== Segment start ==

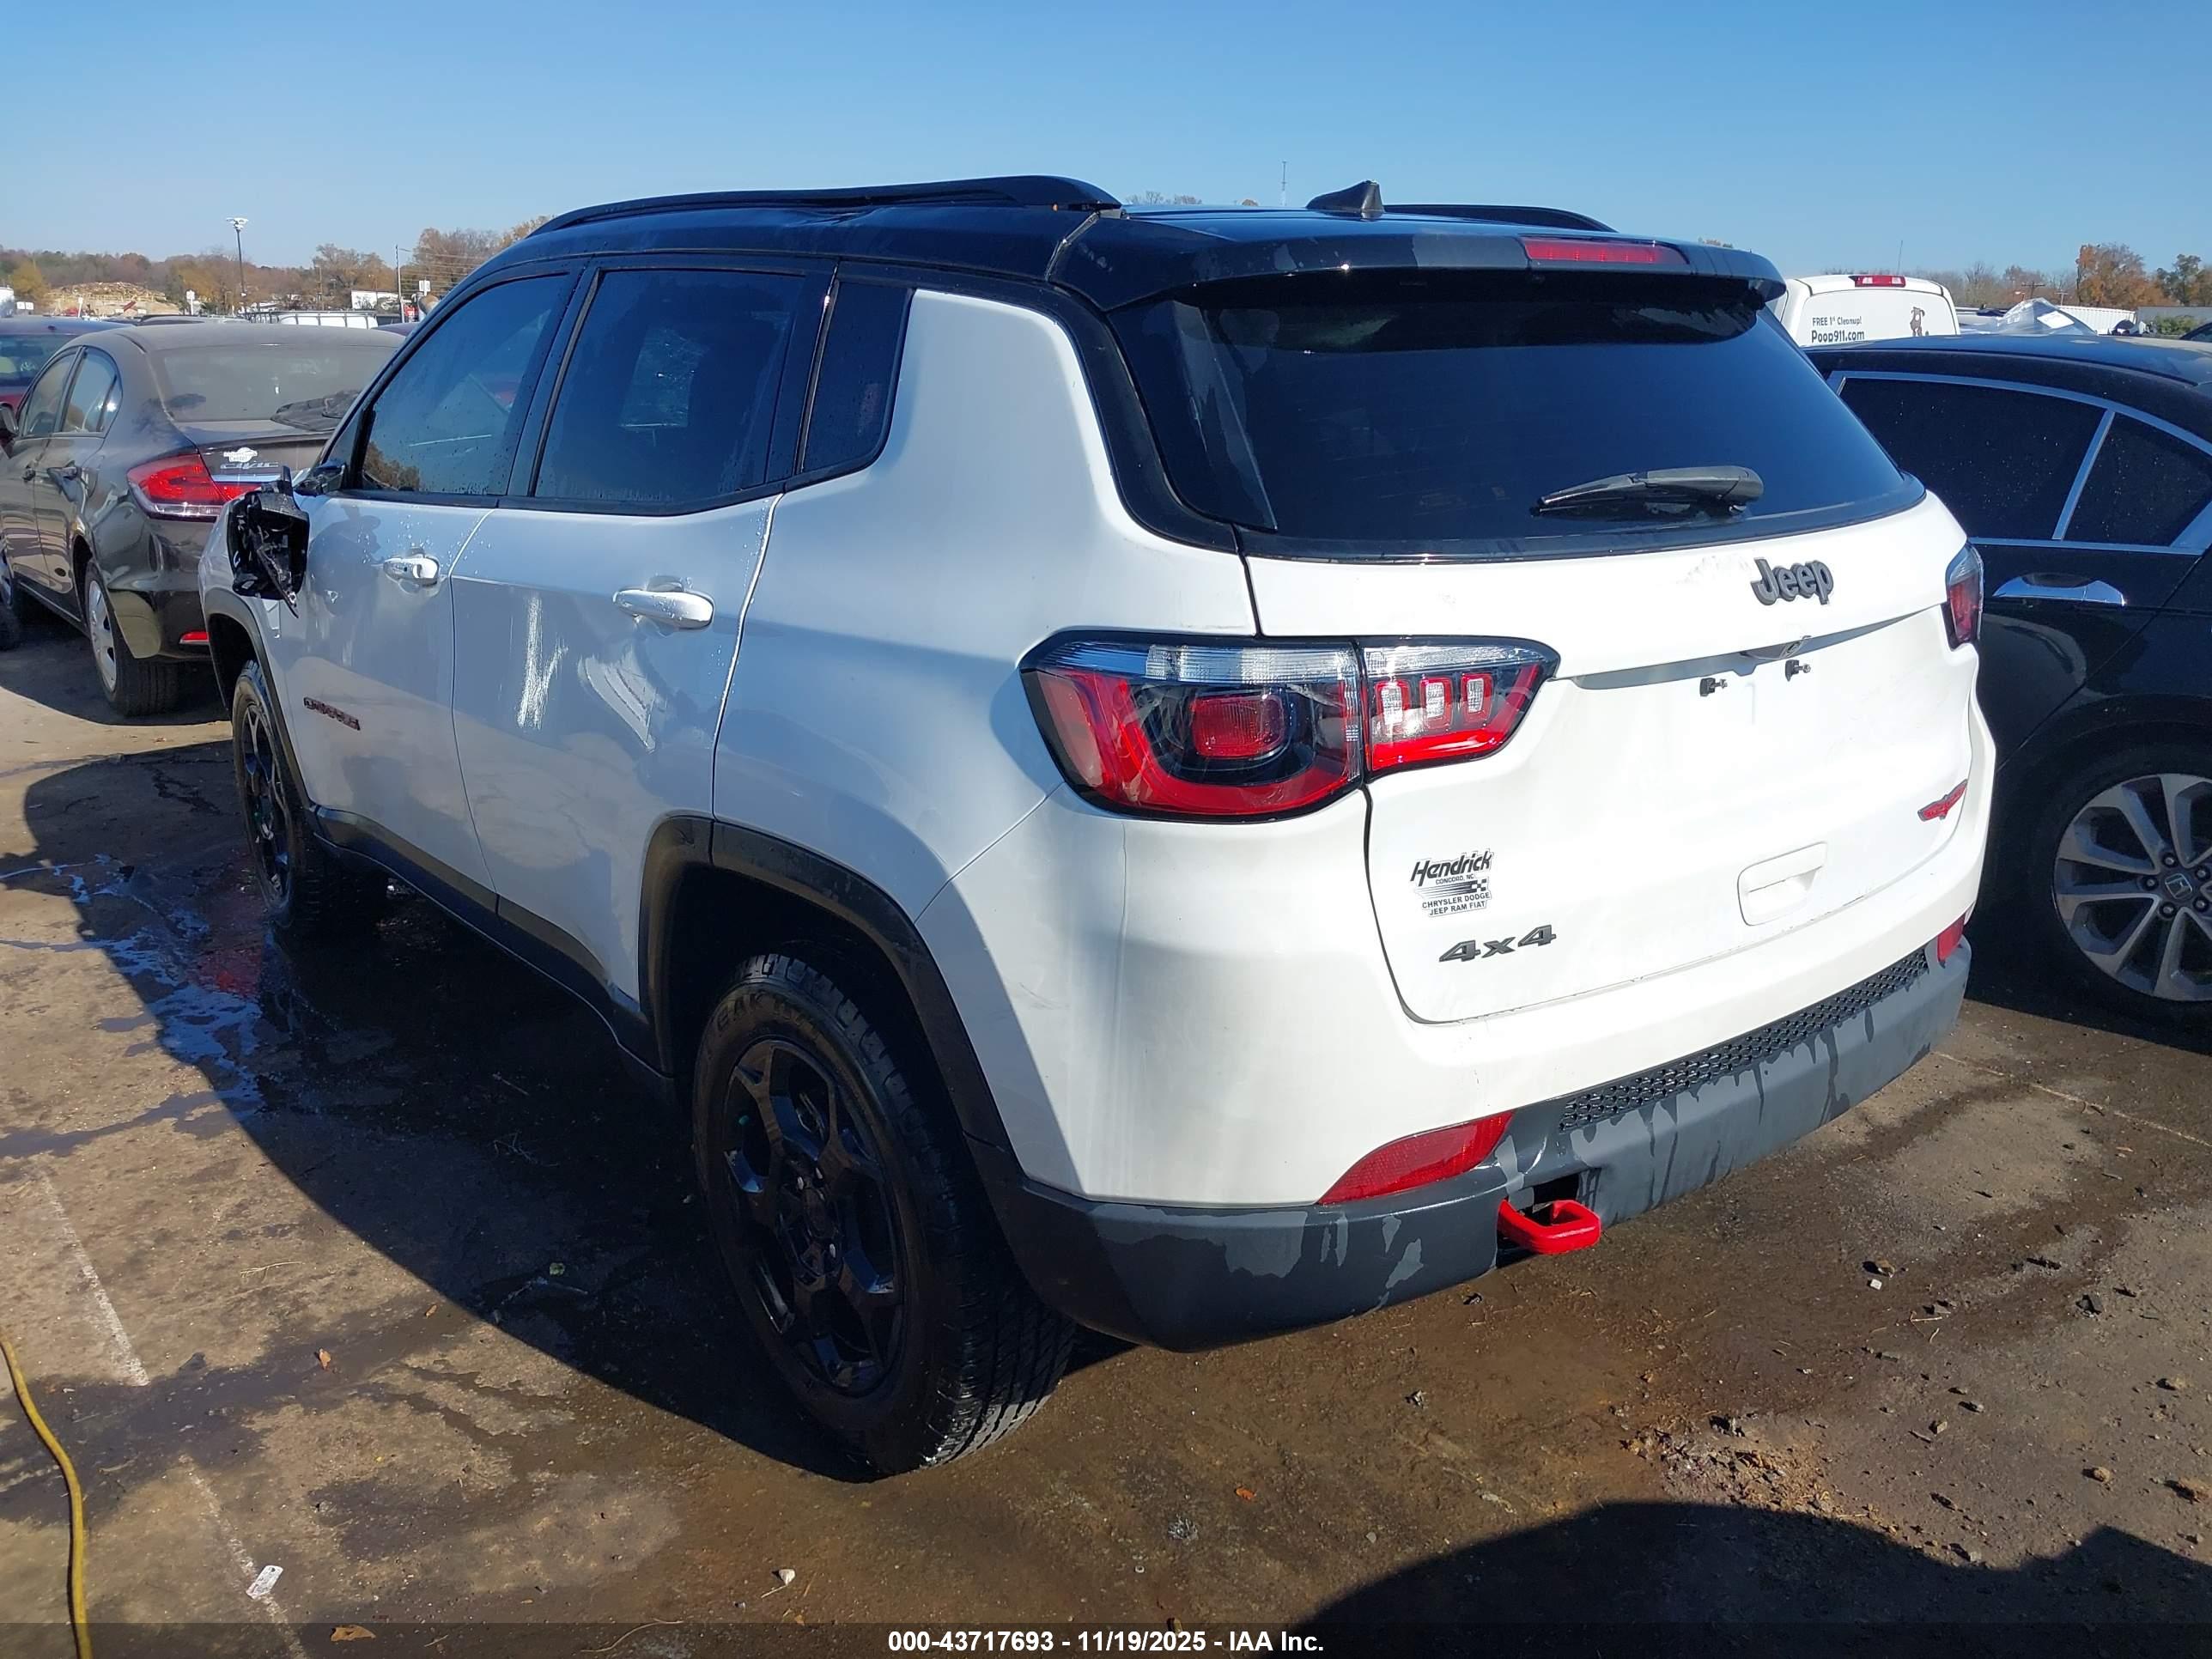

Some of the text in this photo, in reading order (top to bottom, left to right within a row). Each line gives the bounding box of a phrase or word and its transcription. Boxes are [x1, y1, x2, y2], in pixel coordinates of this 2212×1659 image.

[1812, 317, 1828, 326] FREE
[1750, 557, 1834, 606] Jeep
[1410, 851, 1492, 886] Hendrick
[1422, 891, 1491, 908] CHRYSLER DODGE
[1429, 900, 1486, 916] JEEP RAM FIAT
[1439, 924, 1557, 963] 4x4
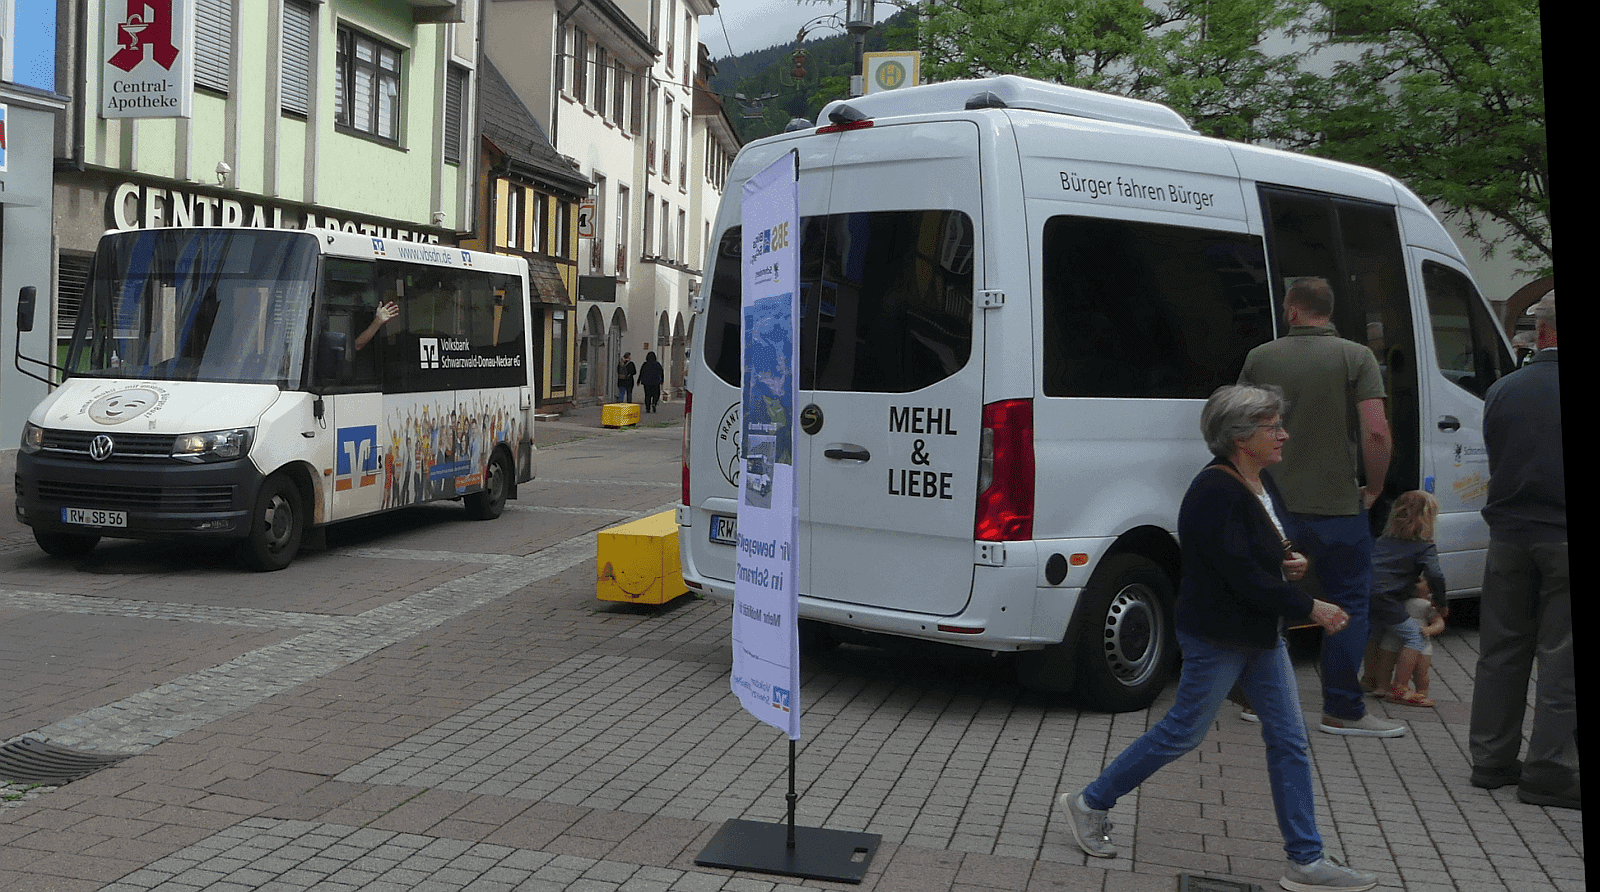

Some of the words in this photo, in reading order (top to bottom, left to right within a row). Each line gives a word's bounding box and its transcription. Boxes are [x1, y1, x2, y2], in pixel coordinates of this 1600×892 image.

== Segment end ==

§ **Directions for this task**
Drop the pictures, then write out everything else in the records exactly.

§ **Exercise answer**
Some of the text in this photo, in reading order (top to bottom, left to right within a row). Each line gives the bounding box of a phrase or word and its transcription. Boxes are [x1, y1, x2, y2], in pixel coordinates of this 2212×1659 image.

[1812, 317, 1828, 326] FREE
[1750, 557, 1834, 606] Jeep
[1410, 851, 1492, 886] Hendrick
[1422, 891, 1491, 908] CHRYSLER DODGE
[1429, 900, 1486, 916] JEEP RAM FIAT
[1439, 924, 1557, 963] 4x4

Some of the words in this photo, in reading order (top to bottom, left to right within a row). Each line gives a word's bounding box and its transcription. Boxes are [x1, y1, x2, y2], in pixel coordinates of this 1600×892 image.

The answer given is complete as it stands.